Leave out all pictures while repeating the records exactly and completely.

* * * *

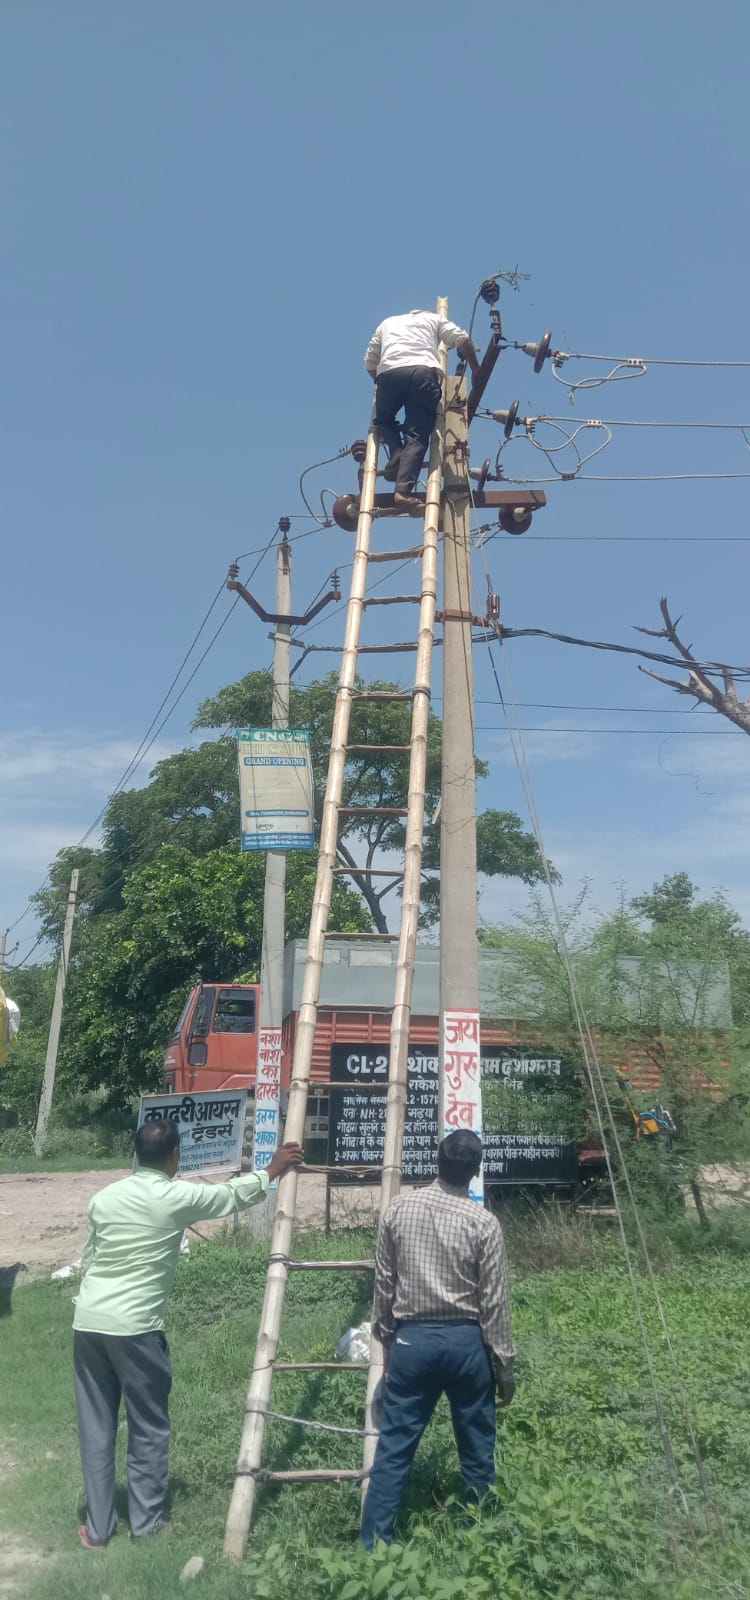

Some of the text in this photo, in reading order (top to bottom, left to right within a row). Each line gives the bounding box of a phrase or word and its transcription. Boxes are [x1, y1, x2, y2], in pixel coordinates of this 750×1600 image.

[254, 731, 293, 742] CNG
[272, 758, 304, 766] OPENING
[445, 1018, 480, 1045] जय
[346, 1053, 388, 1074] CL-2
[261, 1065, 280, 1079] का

* * * *

● ANSWER TO THIS PROBLEM:
Some of the text in this photo, in reading order (top to bottom, left to right within a row). Each line gives the bounding box of a phrase or word and its transcription. Boxes are [x1, y1, x2, y2], in pixel coordinates of this 750×1600 image.

[254, 731, 293, 742] CNG
[272, 758, 304, 766] OPENING
[445, 1018, 480, 1045] जय
[346, 1053, 388, 1074] CL-2
[261, 1065, 280, 1079] का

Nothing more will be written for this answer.